See new post I made using Cot’s data. The main point still stands. Many small market teams have come much closer to matching league average payroll over the years than the Pirates.

John W

USA Today is a good place to start. So wait… Spotrac is bad but USA Today is good? USA Today shows the Pirates spending 30M more in payroll than the Indians in 2016- you think that is an accurate depiction? I couldn’t account for this but just realized USA Today isn’t accounting for any of the dead money that is still on payroll for guys like Swisher and Michael Bourn, etc.
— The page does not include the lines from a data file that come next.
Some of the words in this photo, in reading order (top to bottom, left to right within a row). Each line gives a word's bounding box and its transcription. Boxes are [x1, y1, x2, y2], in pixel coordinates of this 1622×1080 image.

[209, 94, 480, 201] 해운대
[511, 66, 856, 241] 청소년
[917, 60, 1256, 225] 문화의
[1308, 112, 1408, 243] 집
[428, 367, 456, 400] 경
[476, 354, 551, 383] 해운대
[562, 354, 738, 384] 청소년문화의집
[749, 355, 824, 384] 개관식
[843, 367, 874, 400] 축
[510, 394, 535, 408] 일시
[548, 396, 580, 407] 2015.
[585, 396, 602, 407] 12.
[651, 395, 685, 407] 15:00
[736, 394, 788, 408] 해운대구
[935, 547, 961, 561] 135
So this is the data(USA Today) you are using to come up with conclusion Pirates are increasing their payroll relative to the median in MLB?

John W

Moving on to a more broad definition of spending beyond payroll… would you agree Spotrac more accurately reflects overall team spending in aggregate? Beyond just payroll?

John W

I’m talking about the comment you made about Pirates increasing payroll 39% vs 23% as Median. Was that taken from Cots or usa today?

Also does Cots break down the AVERAGE spending each year or do I have to do that math myself?

I’m interested in comparing Pirates spending per year on Cots as an average as I did with the Spotrac data.

My suspicion is it will still show them spending less as a percentage than other small market teams.

John W

OK. But I am throwing that 39 vs 23% statement out as meaningless. Opening day payrolls don’t give an accurate depiction of payroll spending especially when they aren’t even accounting for dead money on the books.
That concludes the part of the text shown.